1. a digital switch power supply change-over device, is characterized in that, comprising:

AD conversion unit, exports to the first sum unit for the output voltage signal of Switching Power Supply is carried out after analog-to-digital conversion;

The first sum unit, for digital voltage signal and the current reference voltage signal of AD conversion unit output are compared, obtains error voltage signal and exports to the second sum unit;

The 3rd sum unit, for determining the difference of current reference voltage signal and a upper reference voltage signal, outputs it to the second sum unit, to determine the adjustment direction of described output voltage signal;

The second sum unit, for the output signal of the output signal to the first sum unit and the 3rd sum unit sue for peace process after export to pulse frequency modulated signal generation unit;

Driver element, for produce the pulse frequency modulated signal of corresponding duty ratio according to the output signal of the second sum unit, changes according to the output voltage signal of the Duty ratio control Switching Power Supply of described pulse frequency modulated signal;

Digital filter, for carrying out the error voltage signal of described the first sum unit output to export to the second sum unit after filtering processing.

2. device as claimed in claim 1, is characterized in that, described digital filter provides and compensates the impact of output duopole on loop stability at least two zero points.

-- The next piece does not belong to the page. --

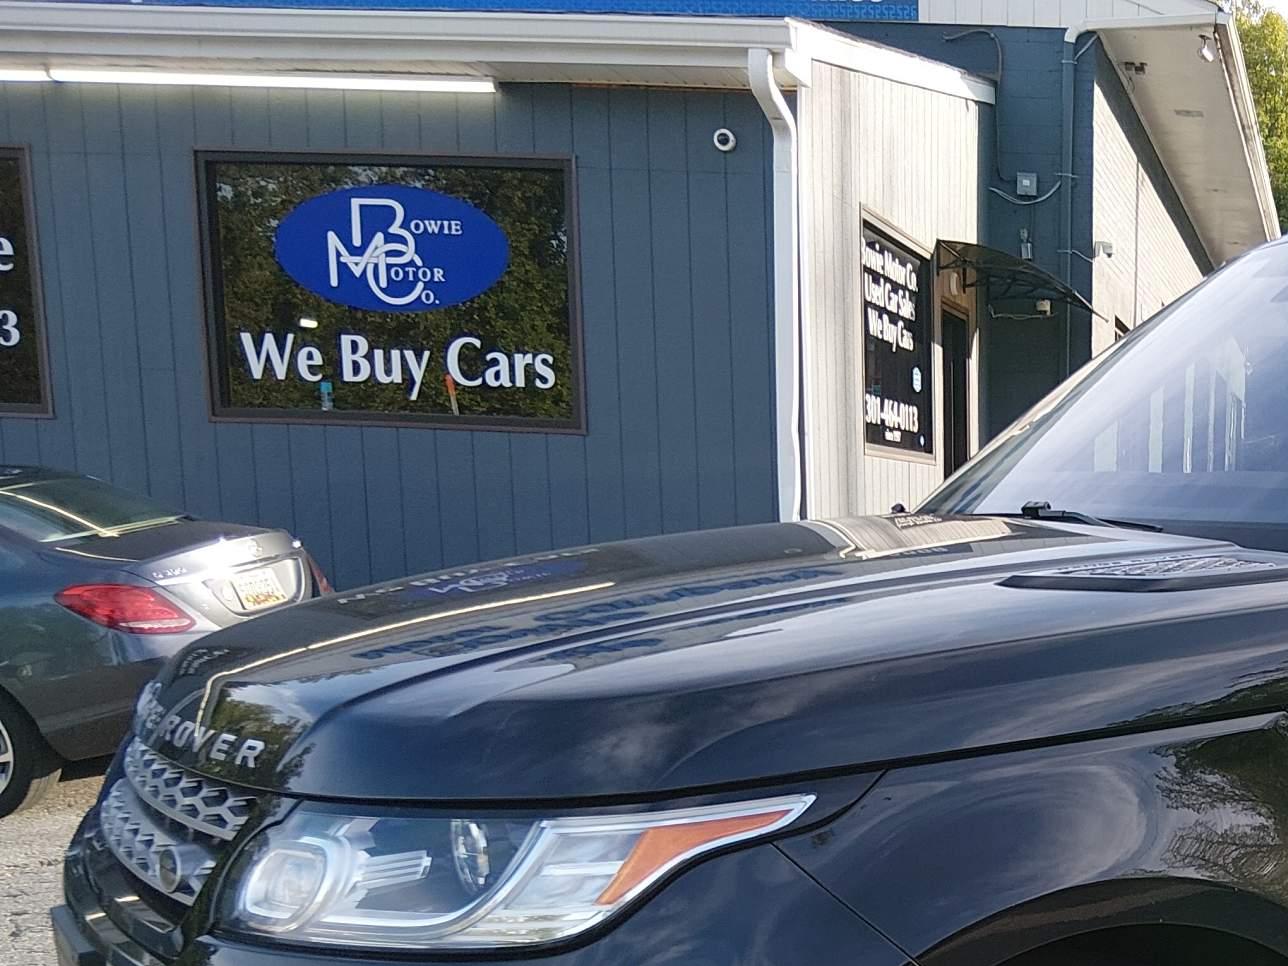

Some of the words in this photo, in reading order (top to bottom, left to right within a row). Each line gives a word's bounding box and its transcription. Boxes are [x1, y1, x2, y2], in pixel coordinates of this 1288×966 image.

3. device as claimed in claim 1, is characterized in that, described AD conversion unit adopts flash type analog to digital converter or production line analog-digital converter to realize.

4. device as claimed in claim 1, is characterized in that, described driver element is according to the duty ratio of described pulse frequency modulated signal, and the conducting by control switch unit and closing realizes the control to switch power source output voltage signal intensity.

5. device as claimed in claim 4, is characterized in that, described switch element is MOS biswitch.

6. device as claimed in claim 1, is characterized in that, described AD conversion unit carries out exporting to the first sum unit after analog-to-digital conversion to the output voltage signal of the Switching Power Supply after electric resistance partial pressure.

7. a digital switch power conversion method, is characterized in that, comprises step:

The output voltage signal of Switching Power Supply is carried out to analog-to-digital conversion and obtain digitized output voltage signal;

Digitized output voltage signal and current reference voltage signal are compared, obtain error voltage signal to determine the adjustment direction of described output voltage signal;

To filtering error voltage signal after treatment, and the difference of current reference voltage signal and the upper reference voltage signal processing of suing for peace, produce the pulse frequency modulated signal of corresponding duty ratio according to summed result, according to the duty ratio of described pulse frequency modulated signal, the output voltage signal of Switching Power Supply is changed and controlled.

8. method as claimed in claim 7, describedly carries out analog-to-digital conversion to the output voltage signal of Switching Power Supply and adopts flash type analog to digital converter or production line analog-digital converter to realize.

9. method as claimed in claim 7, according to the duty ratio of described pulse frequency modulated signal, the conducting by control switch unit and closing, realizes the control to switch power source output voltage signal intensity.